Many jump onto social media, some onto the school Facebook page, some onto the local community page, some onto Twitter.
The message rapidly spreads that there is a helicopter, an ambulance and other services called to the school. Something terrible had happened. But what?
There is no communication yet from the school who is busy focusing on the student, too tied up to even think about managing communication with people, so people filled the gaps.
Some start saying that they think someone might have died. Some speculate that there is an armed offender on the loose. Some get second-hand information from their kids and pass on a variety of versions of the story.
Some people try to be reassuring, saying that the school would put up a notice on their website and that people should check that. Others say that if something had happened to their kid, the school would have contacted them already.
The world are on social media too
The school has a number of students from the same region overseas studying with them. All their families are hooked into the school’s media channels - their website, their Facebook page, and to the local community pages.

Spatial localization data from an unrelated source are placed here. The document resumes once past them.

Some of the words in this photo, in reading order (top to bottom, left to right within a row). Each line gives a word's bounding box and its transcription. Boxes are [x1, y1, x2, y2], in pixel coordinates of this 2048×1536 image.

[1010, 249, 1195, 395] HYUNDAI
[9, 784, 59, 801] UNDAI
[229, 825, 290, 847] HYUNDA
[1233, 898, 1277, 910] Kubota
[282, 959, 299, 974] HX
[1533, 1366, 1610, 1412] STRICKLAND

They see all this information coming out too. And they want answers.
The importance of acting quickly
The school does what was most important first - they make sure the student is taken care of and they get hold of the family immediately to let them know what is happening.
Managing the issue and care of the student has to come first and foremost.

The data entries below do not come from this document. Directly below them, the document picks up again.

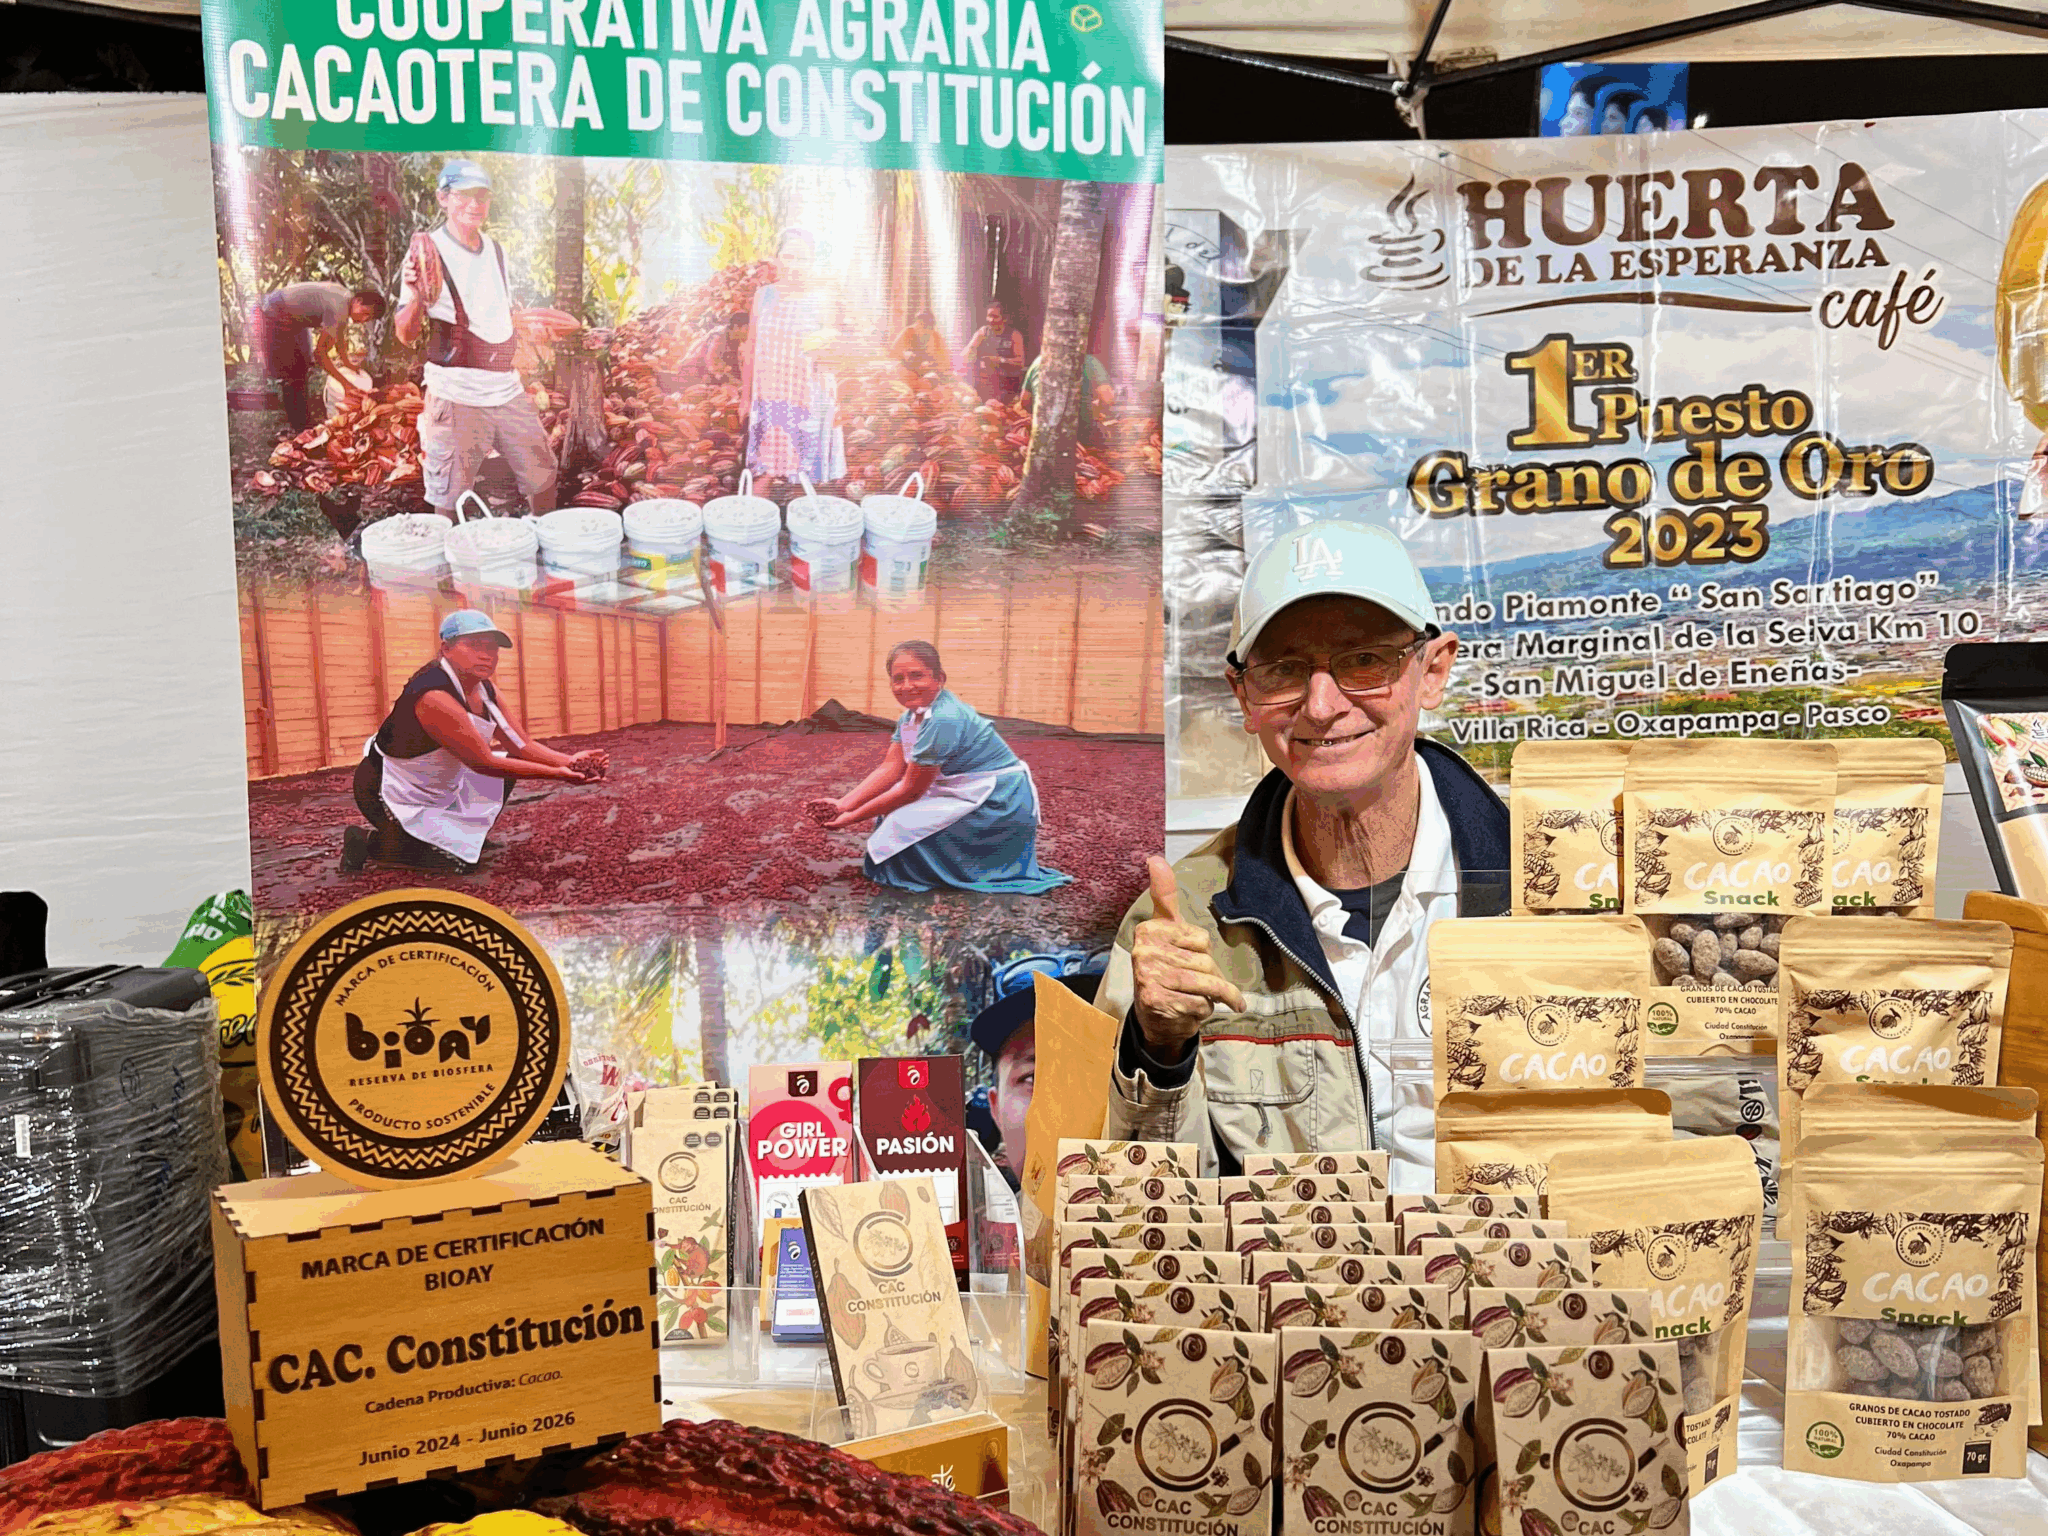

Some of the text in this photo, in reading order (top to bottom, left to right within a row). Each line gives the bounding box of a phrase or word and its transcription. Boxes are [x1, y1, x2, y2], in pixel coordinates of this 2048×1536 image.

[338, 0, 1050, 72] COOPERATIVA AGRARIA
[229, 43, 1147, 158] CACAOTERA DE CONSTITUCIÓN
[1455, 162, 1896, 249] HUERTA
[1466, 237, 1890, 288] DE LA ESPERANZA
[1818, 269, 1944, 349] café
[1597, 386, 1811, 442] Puesto
[1410, 434, 1932, 516] Grano de Oro
[1606, 506, 1769, 568] 2023
[1292, 532, 1344, 582] LA
[1438, 594, 1499, 624] ndo
[1506, 592, 1658, 621] Piamonte
[1702, 584, 1769, 610] San
[1456, 611, 1979, 666] era Marginal de la Selva Km 10
[1554, 666, 1666, 699] Miguel
[1678, 665, 1717, 689] de
[1452, 716, 1517, 744] Villa
[1525, 711, 1587, 739] Rica
[1616, 709, 1779, 739] Oxapampa
[1807, 704, 1889, 728] Pasco
[1684, 859, 1791, 891] CACAO
[1832, 860, 1892, 885] CAO
[1704, 890, 1779, 907] Snack
[1832, 890, 1877, 907] ack
[335, 950, 495, 1007] MARCA DE CERTIFICACIÓN
[1420, 983, 1431, 1021] AGRA
[1686, 996, 1778, 1005] CUBIERTO EN CHOCOLATE
[1734, 1007, 1757, 1015] CACAO
[1499, 1052, 1606, 1083] CACAO
[1840, 1045, 1951, 1074] CACAO
[349, 1064, 494, 1087] RESERVA DE BIOSFERA
[348, 1082, 496, 1131] PRODUCTO SOSTENIBLE
[779, 1121, 826, 1139] GIRL
[757, 1137, 848, 1160] POWER
[876, 1132, 955, 1156] PASIÓN
[653, 1203, 711, 1214] ONSTITUCIÓN
[669, 1197, 688, 1205] CAC
[301, 1218, 604, 1280] MARCA DE CERTIFICACIÓN
[424, 1264, 494, 1292] BIOAY
[878, 1281, 906, 1294] CAC
[1862, 1272, 1989, 1303] CACAO
[847, 1291, 941, 1313] CONSTITUCIÓN
[1650, 1281, 1725, 1318] ACAO
[1655, 1317, 1712, 1340] nack
[1881, 1307, 1969, 1327] Snack
[268, 1299, 645, 1393] CAC. Constitución
[364, 1368, 563, 1414] Cadena Productiva: Cacao.
[1849, 1403, 1971, 1418] GRANOS DE CACAO TOSTADO
[1855, 1416, 1964, 1430] CUBIERTO EN CHOCOLATE
[360, 1444, 411, 1466] Junio
[416, 1434, 461, 1455] 2024
[481, 1421, 528, 1444] Junio
[533, 1411, 575, 1433] 2026
[1814, 1428, 1838, 1438] 100%
[1886, 1431, 1936, 1441] 70% CACAO
[1874, 1446, 1947, 1457] Ciudad Constitución
[1890, 1459, 1932, 1469] Oxapampa
[1966, 1452, 1977, 1461] 70
[1155, 1499, 1192, 1515] CAC
[1361, 1501, 1398, 1517] CAC
[1107, 1512, 1239, 1536] CONSTITUCIÓN
[1314, 1518, 1445, 1536] CONSTITUCIÓN
[1578, 1520, 1615, 1536] CAC

However, having a simple first-step procedure in place to quickly manage the communication around an issue will help to stop any false rumours or panic spreading.
What could have been done in that first crucial hour?

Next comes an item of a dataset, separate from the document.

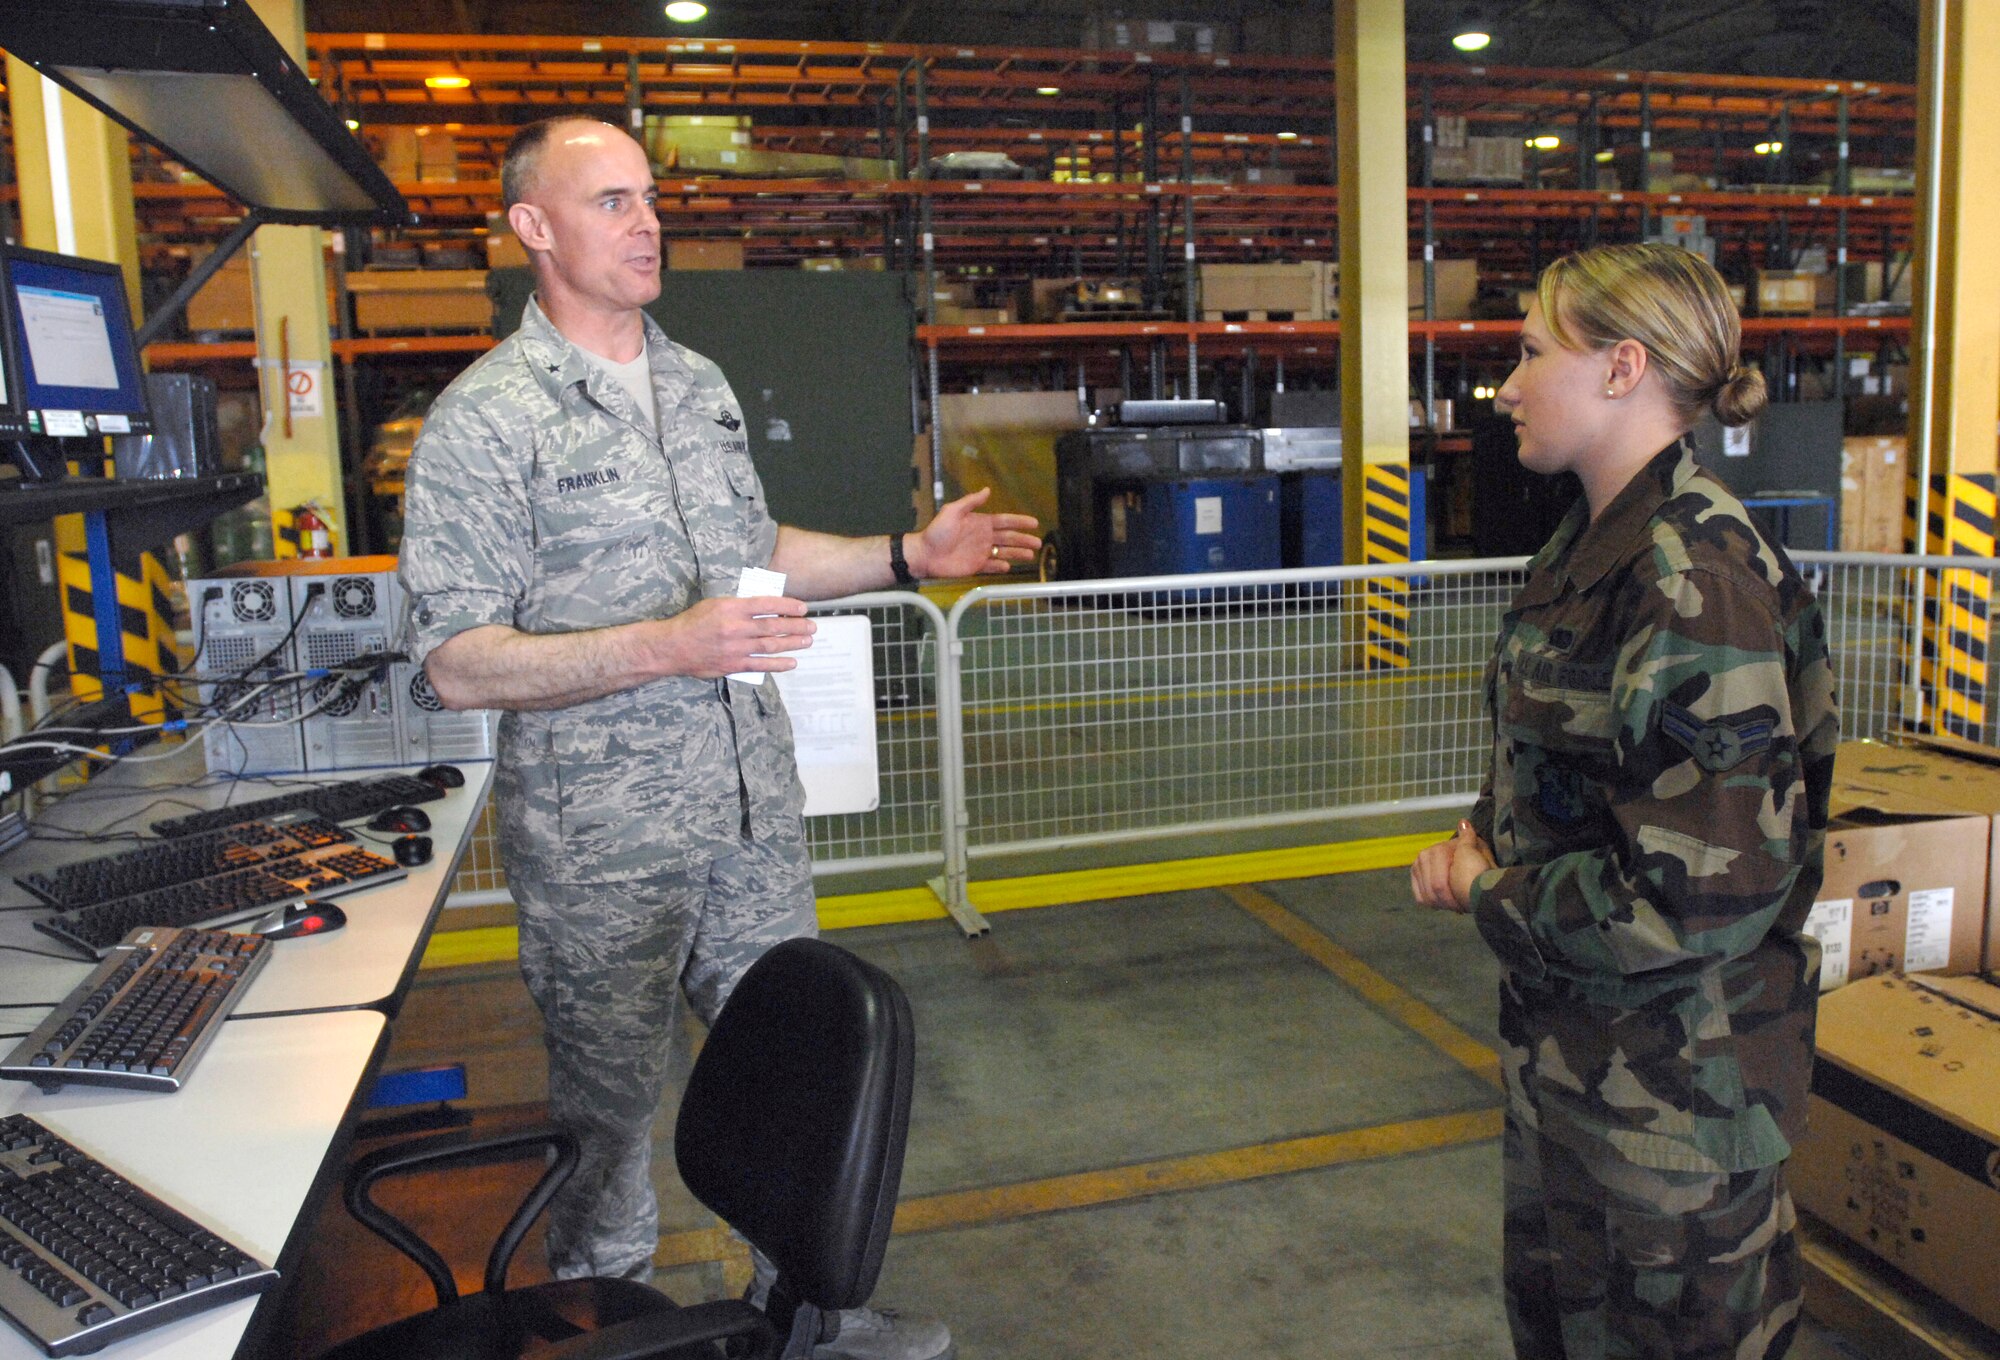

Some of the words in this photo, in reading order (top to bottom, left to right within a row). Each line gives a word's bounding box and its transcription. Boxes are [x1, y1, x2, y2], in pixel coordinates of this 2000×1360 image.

[557, 467, 621, 493] FRANKLIN
[1532, 660, 1553, 684] AIR
[1558, 664, 1613, 691] FORCE

A simple mechanism would have been for the school to have a dedicated person responsible for managing communication (and only the communication) the minute an issue arises.
It’s vital to have a dedicated role for communication around issues - and to make sure it does not involve any of the people who are dealing direct with any affected student or their family.
The person with the dedicated communication role would quickly make a brief statement to place on all their online channels and on their phone line. And they could tap into connected channels, such as community pages.
A simple statement at first may simply say that an incident has taken place and that you will be providing a formal statement shortly - and to be assured that those concerned have been contacted.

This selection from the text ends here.